Rattrapés par le karma, les Bleus sont éliminés au premier tour.
Sur place, cependant, les joueurs français menacent de faire grève. Une soudaine découverte de la décence ? Que dalle : s’ils recouvrent les trois bandes blanches de leurs chaussures de cirage noir, c’est parce qu’ils estiment que leur sponsor Adidas les blouse sur les primes…
Rattrapés par le karma, les Bleus sont éliminés au premier tour. Alors que certaines équipes ont eu au moins le mérite – tout relatif – de gestes symboliques, comme les Suédois rendant visite aux Mères de la place de Mai ou les finalistes néerlandais refusant d’aller chercher leurs médailles [1], côté France c’est le grand vide. Plus tard, Rocheteau exprimera le regret « que [leur] silence ait été perçu comme de l’indifférence ». Dans le mille, champion. Heureusement, d’autres ont sauvé l’honneur.
[|Coba dis donc|]
« À Marseille, on n’était pas beaucoup dans le comité Coba local, une grosse centaine. Et à notre première manifestation, on a tous été arrêtés et placés en garde à vue. Par contre, à Paris, ils étaient beaucoup. C’était la grande époque des autonomes et les manifs étaient chaudes, avec des milliers d’énervés… » Briscard volubile, l’ami qui déroule ce récit a vécu de Marseille la tentative de perturber la Coupe du monde en Argentine. Pour structure, le Coba (Comité pour le boycott de l’organisation par l’Argentine de la Coupe du monde de football), créé en juin 1977 par des militants français et argentins. Il s’agit alors de dénoncer non seulement le régime de Videla et la caution que l’événement lui apporte, mais également les liens étroits que l’État français entretient avec les tortionnaires argentins, notamment par le biais de ventes d’armes [2].

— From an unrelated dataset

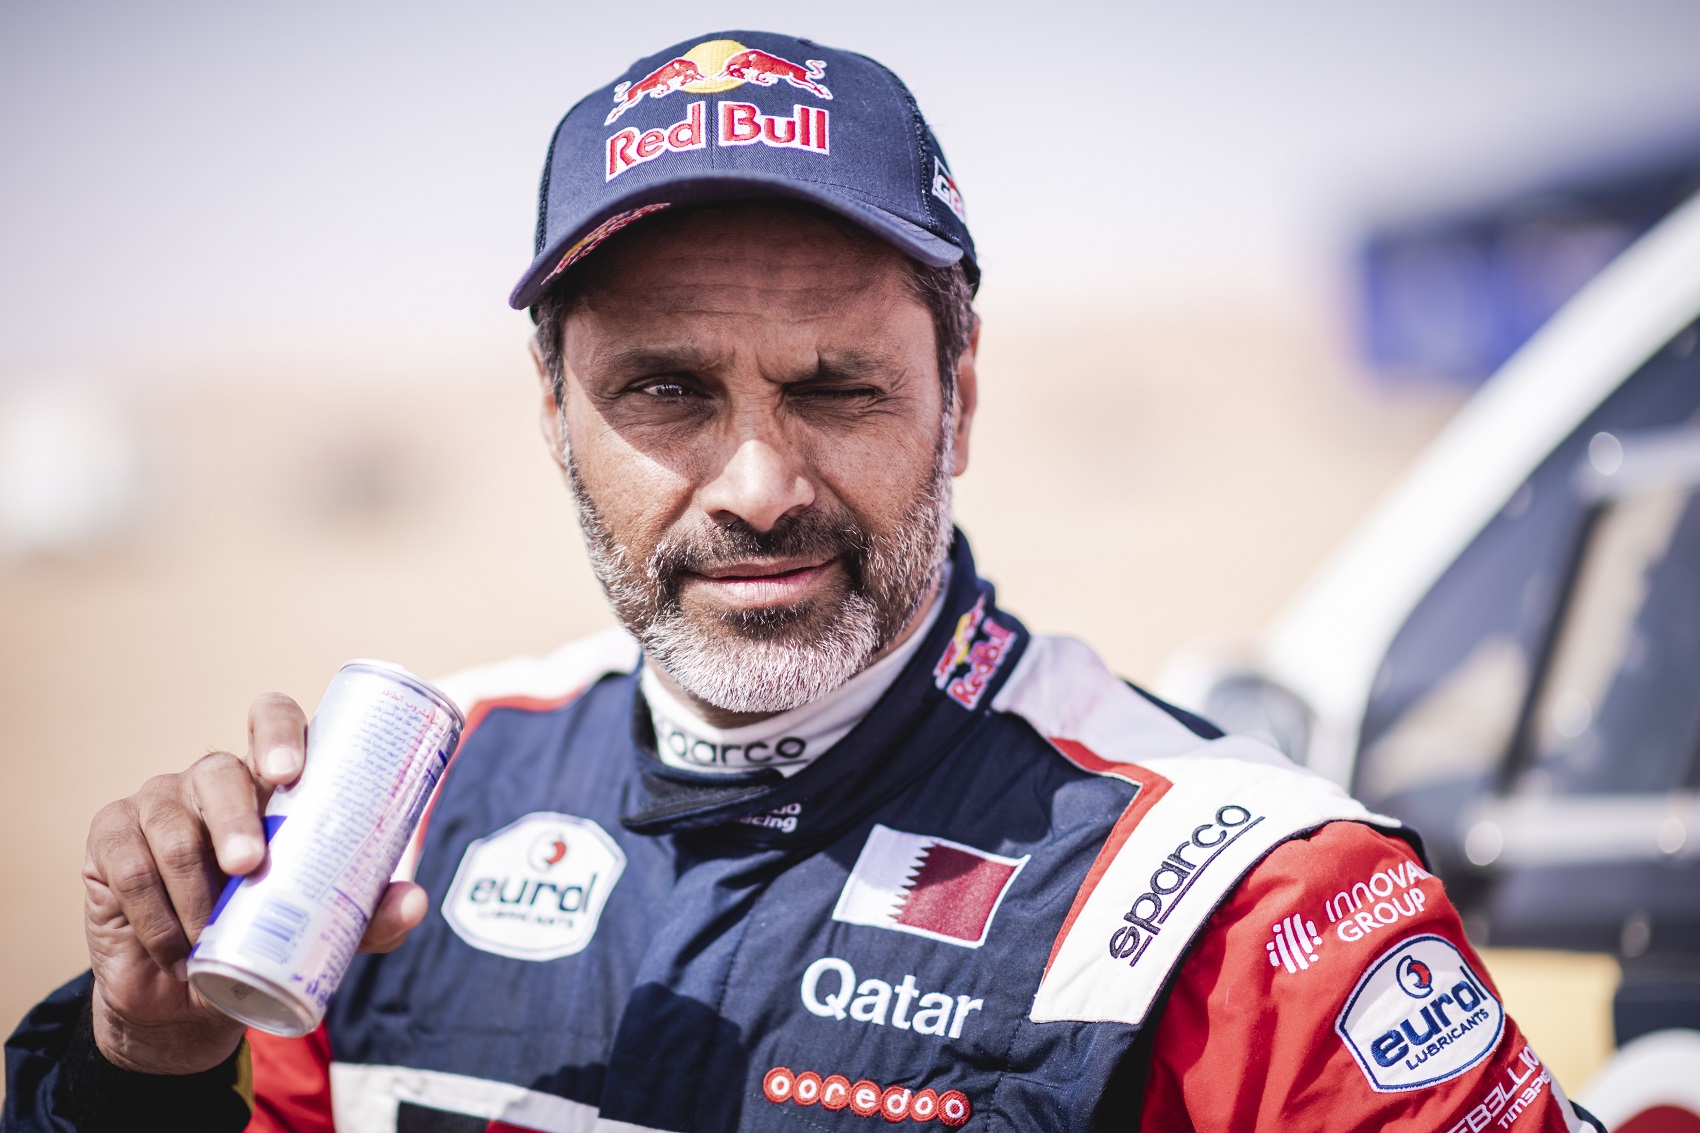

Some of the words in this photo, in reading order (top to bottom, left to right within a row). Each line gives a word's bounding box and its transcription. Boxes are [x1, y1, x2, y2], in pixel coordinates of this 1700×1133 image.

Au gré d’assemblées générales hebdomadaires libres d’accès, de nombreuses actions sont lancées. Il y a notamment la publication de plusieurs numéros d’un journal intitulé L’Épique, le lancement d’une pétition qui recueille 150 000 signatures ou l’édition de brochures comme le Dossier noir des ventes d’armes françaises à l’Argentine. Et puis des manifs plus ou moins agitées, dont celle du 31 mai 1978, à la veille du Mondial : ils sont 8 000 dans les rues de Paris à défiler aux cris de « Videla assassin, Giscard d’Estaing complice », tandis qu’à Dijon, ça tourne carrément à l’émeute : « Mobylette d’un gardien de la paix piétinée, képi brûlé, feux allumés sur la place Darcy, vitrines taguées ou brisées, pillage, agence du Crédit agricole incendiée, jets de cocktails Molotov sur les forces de l’ordre... », détaille un article du Bien public [3].
Un printemps agité, donc. D’autant plus que, pour certains, il faut monter d’un cran.
[|Hidalgo go go|]
Dans Comme un chat – Souvenirs turbulents d’un anarchiste [4], le militant Floréal Cuadrado raconte un épisode très pieds-nickelesque : la tentative d’enlèvement par quelques énervés de celui qui était alors sélectionneur de l’équipe de branques, Michel Hidalgo. Une opération dont Cuadrado assure une partie de la logistique et qui a deux objectifs. Primo, fédérer autour de la lutte, via une opération menée en douceur, afin de « concilier la sympathie de tous ceux qui n’avaient pas cyniquement renoncé à l’esprit de Mai et des luttes passées ». Secundo, échanger l’otage contre des prisonniers politiques en Argentine, plus de 2 000 selon leurs comptes. Ambitieux…
Lancée le 23 mai 1978, l’opération est un fiasco. Hidalgo savate dans les cojones l’homme qui le tient en joue sur une route de campagne avec un pistolet sans munitions, avant de s’enfuir. Paie ton action d’éclat. Reste que Cuadrado évoque aussi dans son bouquin un détail croustillant : la première cible envisagée, finalement abandonnée pour des raisons logistiques, c’était… Michel Platini, l’anti-boycotteur en chef, qui sera bien plus tard impliqué dans l’attribution de la Coupe du monde au Qatar [5]. Rien que pour l’idée, ça valait le coup.